====== ENTRIES SUPPLIED ======

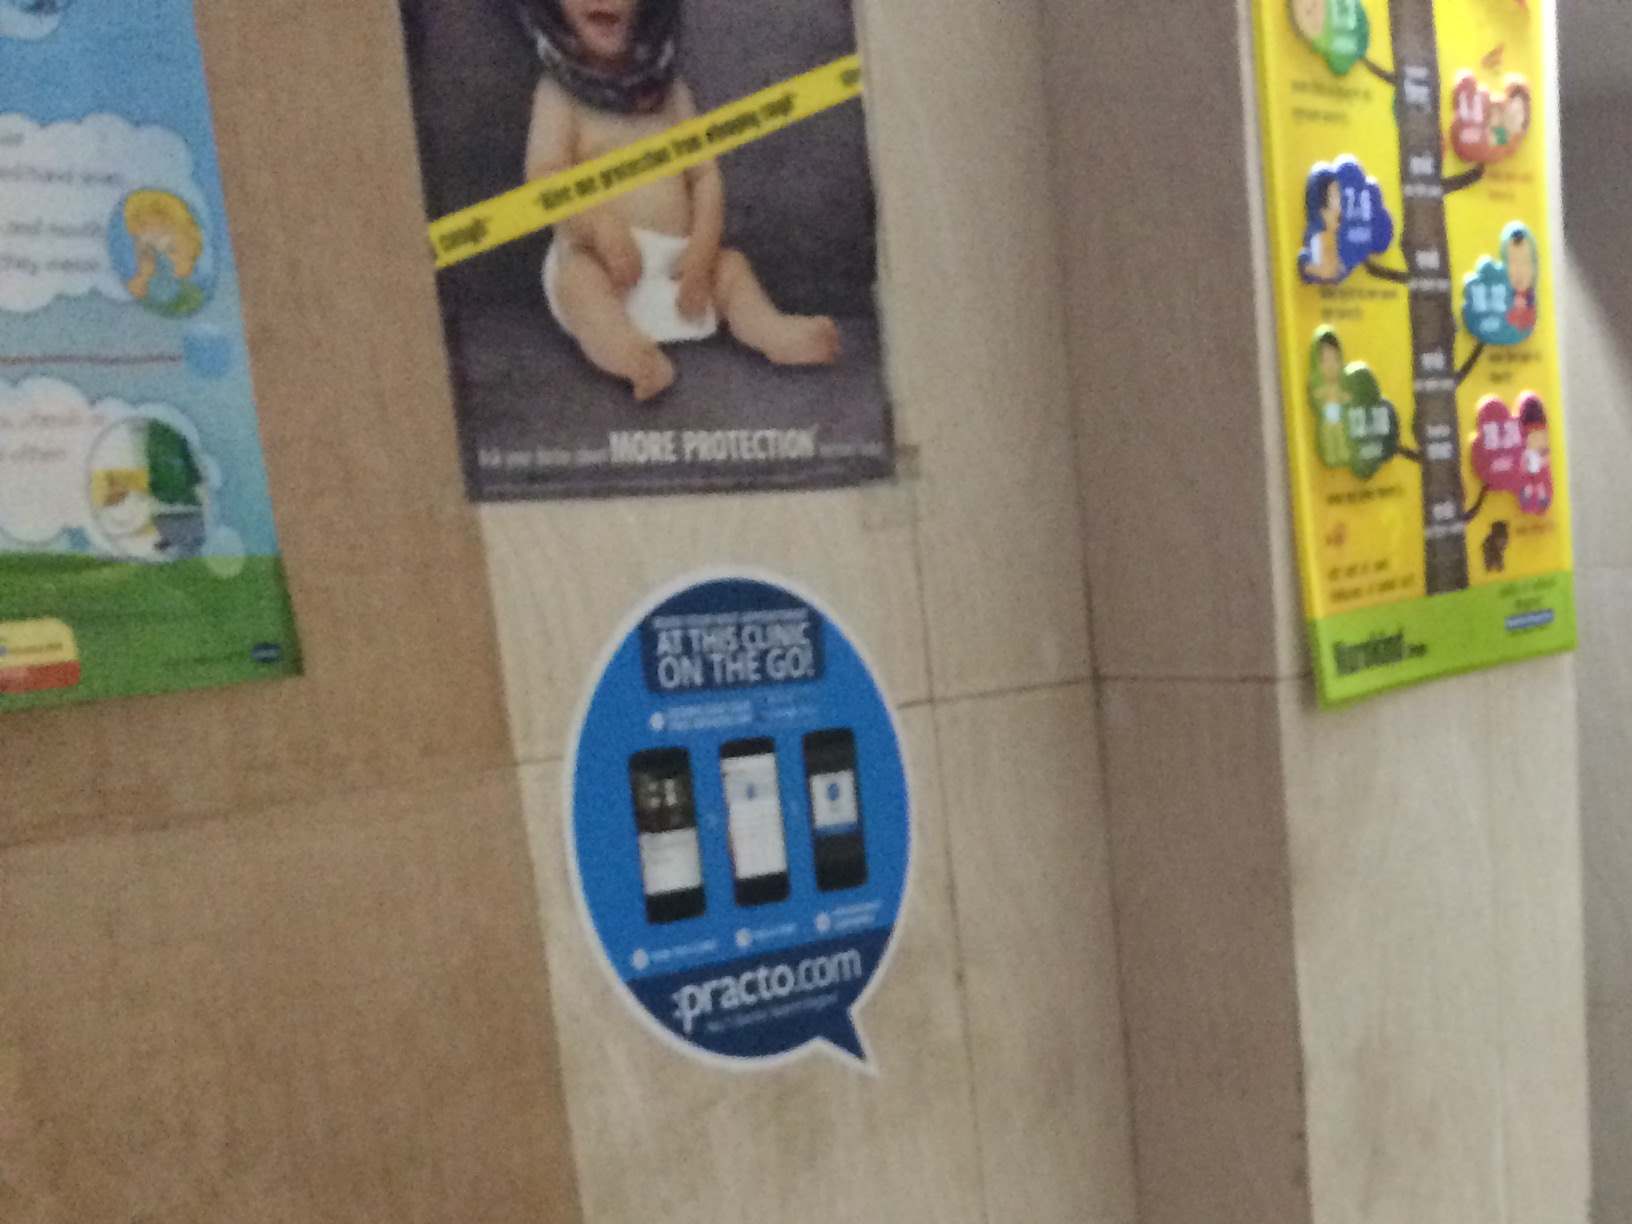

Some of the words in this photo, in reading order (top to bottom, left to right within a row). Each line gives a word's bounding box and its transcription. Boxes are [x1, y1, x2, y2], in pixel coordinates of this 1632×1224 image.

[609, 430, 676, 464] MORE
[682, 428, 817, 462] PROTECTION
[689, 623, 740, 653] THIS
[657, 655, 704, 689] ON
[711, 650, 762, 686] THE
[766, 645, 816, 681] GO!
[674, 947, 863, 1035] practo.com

======

Copy out all of the material exactly as written, without its pictures.

Some of the words in this photo, in reading order (top to bottom, left to right within a row). Each line gives a word's bounding box and its transcription. Boxes are [x1, y1, x2, y2], in pixel coordinates of this 1632×1224 image.

[609, 430, 676, 464] MORE
[682, 428, 817, 462] PROTECTION
[689, 623, 740, 653] THIS
[657, 655, 704, 689] ON
[711, 650, 762, 686] THE
[766, 645, 816, 681] GO!
[674, 947, 863, 1035] practo.com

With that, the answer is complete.